I used to subscribe to several orchestra series at Carnegie every year, especially when the Chicago Symphony under Fritz Reiner or the Cleveland Orchestra under Georg Solti came to town, this back when I had a rich wife who in order to get me out of the house on certain Saturdays and Sundays would buy me seasonal tickets to these concerts. Such concertizing ceased when this woman divorced me in the mid-70s and sent me out into the pits of Gotham City on my own. From that time on I must admit I lost track of the symphony seasons in the city devoting the spending of my music money on jazz and blues LPs and cassettes. After I became a serious musician, a jazz pianist and blues vocalist, my interest in classical music fell by the all-night-gig wayside.
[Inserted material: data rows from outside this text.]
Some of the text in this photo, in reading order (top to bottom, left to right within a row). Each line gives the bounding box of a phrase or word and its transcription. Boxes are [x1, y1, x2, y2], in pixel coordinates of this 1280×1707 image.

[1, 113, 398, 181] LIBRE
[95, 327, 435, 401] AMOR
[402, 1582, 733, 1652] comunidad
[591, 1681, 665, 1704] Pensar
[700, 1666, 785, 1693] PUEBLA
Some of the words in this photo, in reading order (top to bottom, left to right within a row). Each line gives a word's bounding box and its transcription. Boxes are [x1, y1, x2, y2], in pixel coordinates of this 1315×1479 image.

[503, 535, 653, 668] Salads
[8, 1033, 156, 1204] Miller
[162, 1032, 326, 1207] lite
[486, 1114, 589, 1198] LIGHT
Recently, however, thanks to a good friend's wife whose work allows her access to classical music events and prior notices of what's coming to town in terms of symphonic programs, my attendance at symphony concerts has reblossomed and this is how I happened to be sitting in the Third Tier front row in Carnegie Hall this past Saturday (May 11, 2012) at a concert by the Nashville Symphony Orchestra. The Nashville Symphony Orchestra! you're maybe saying with a sardonic grin on your face. Why in God's name would a old New York City resident have an interest in the Nashville Symphony Orchestra? Did Ernest Tubb or Hank Williams write symphonic music on the side? And I must confess, I was very curious about this except the Nashville Symphony Orchestra was in town to be a part of Carnegie's annual Spring for Music series where a vast array of American symphony orchestras are invited to show off their wares. I was especially interested in this particular performance because the Nashville Symphony Orchestra was performing Charles Ives's great eclectic Universe Symphony, as arranged by an old alumni of my alma mater, the University of North Texas, Larry Austin.
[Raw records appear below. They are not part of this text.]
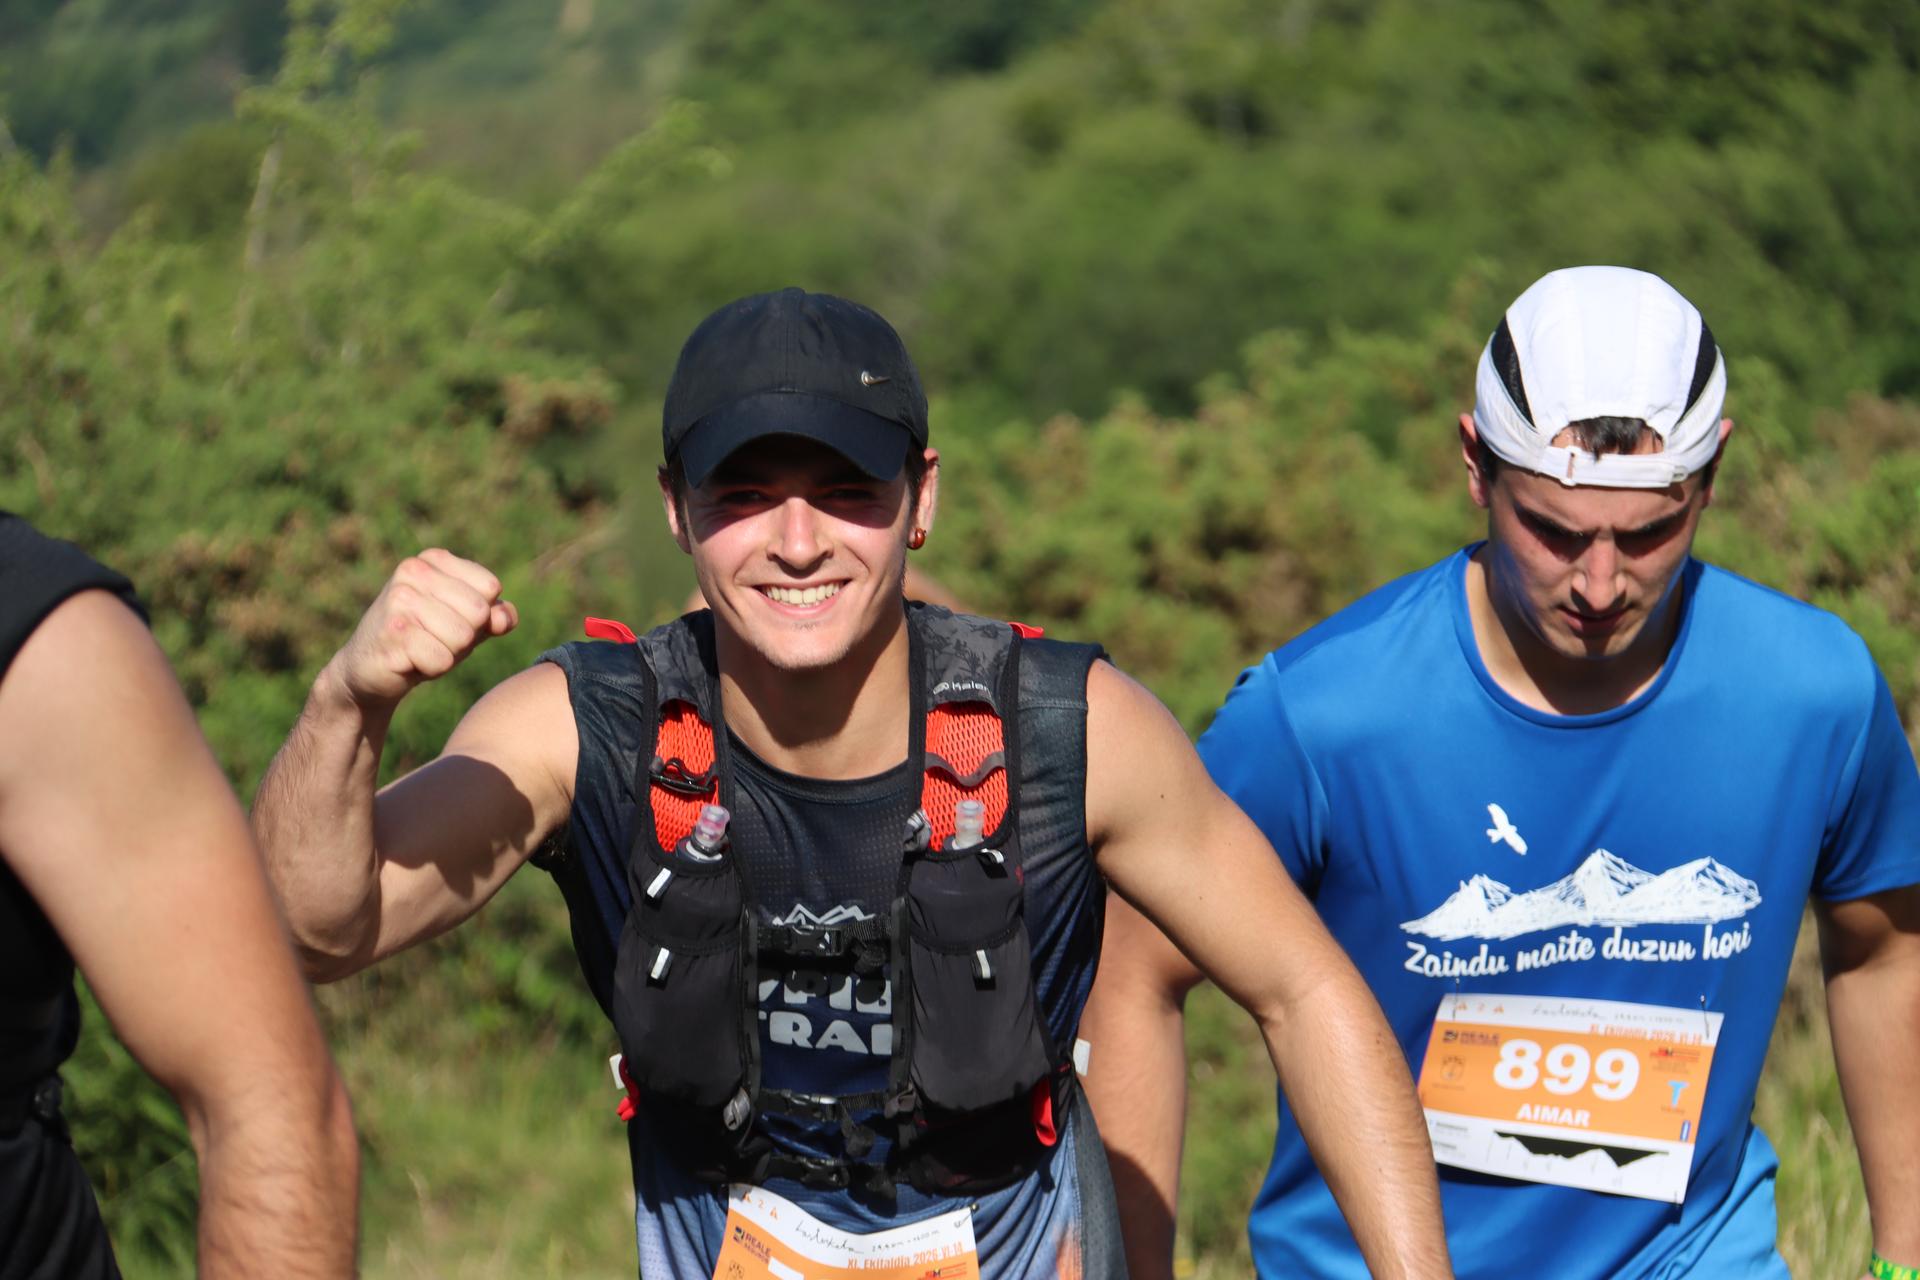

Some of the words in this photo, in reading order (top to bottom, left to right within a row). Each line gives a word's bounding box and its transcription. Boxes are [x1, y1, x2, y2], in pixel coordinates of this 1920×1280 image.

[1404, 940, 1509, 978] Zaindu
[1516, 930, 1596, 972] maite
[1602, 925, 1696, 962] duzun
[1702, 921, 1752, 961] hori
[1493, 1038, 1640, 1102] 899
[1516, 1103, 1590, 1128] AIMAR
What Ives Said About The Universe
"--I started something that I'd had in mind for some time (and [of] which some sketches were made a few years before [the Fall of 1915]--see mss.)--trying out a parallel way of listening to music, suggested by looking at a view (1) with the eyes toward the sky or tops of the trees, taking in the earth or foreground subjectively--that is, not focussing the eye on it--(2) then looking at the earth and land, and seeing the sky and the top of the foreground subjectively. In other words, giving a musical piece in two parts, but played at the same time--the lower parts (the basses, cellos, tubas, trombones, bassoons, etc.) working out something representing the earth, and listening to that primarily--and then the upper [parts] (strings, upper woodwind, piano, bells, etc.) reflecting the skies and the Heavens--and that this piece be played twice, first when the listener focusses his ears on the lower or earth music, and the next time on the upper or Heaven music.

"This was suggested by a few pages of a sketch or general plan for a Universe Symphony or 'The Universe, Past, Present, and Future' in tones (see some marginal notes on back of old manuscript pages--see ms. page marked U s):

"I. [Section A] (Past) Formation of the waters and mountains.
II. [Section B] (Present) Earth, evolution in nature and humanity.
III.[Section C] (Future) Heaven, the rise of all to the spiritual."

I love this guy. He's pure American; he's pure New England; he's pure Emerson, Thoreau, Hawthorne; he's pure transcendental. He thinks above the horizon. And you have to know, he sketched this Universe out on pieces of paper on which he was also sketching out other pieces, all conceived on the piano, all coming out of his multitasking musical brain, his mind so full of music from the time before he entered Yale University to study with Horatio Parker until he stopped writing music in the early part of the 20th Century due to his having what most believe was a heart attack when he went to work on a neighbor's farm trying to build up his vitality so he could go drive an ambulance in World War I. A complicated man who became a millionaire not from his music but from insurance, the Myrick & Ives agency of New York City. He wrote his music at night--sometimes staying up all night to write it out as fast and furiously as it arrived in his musical brain.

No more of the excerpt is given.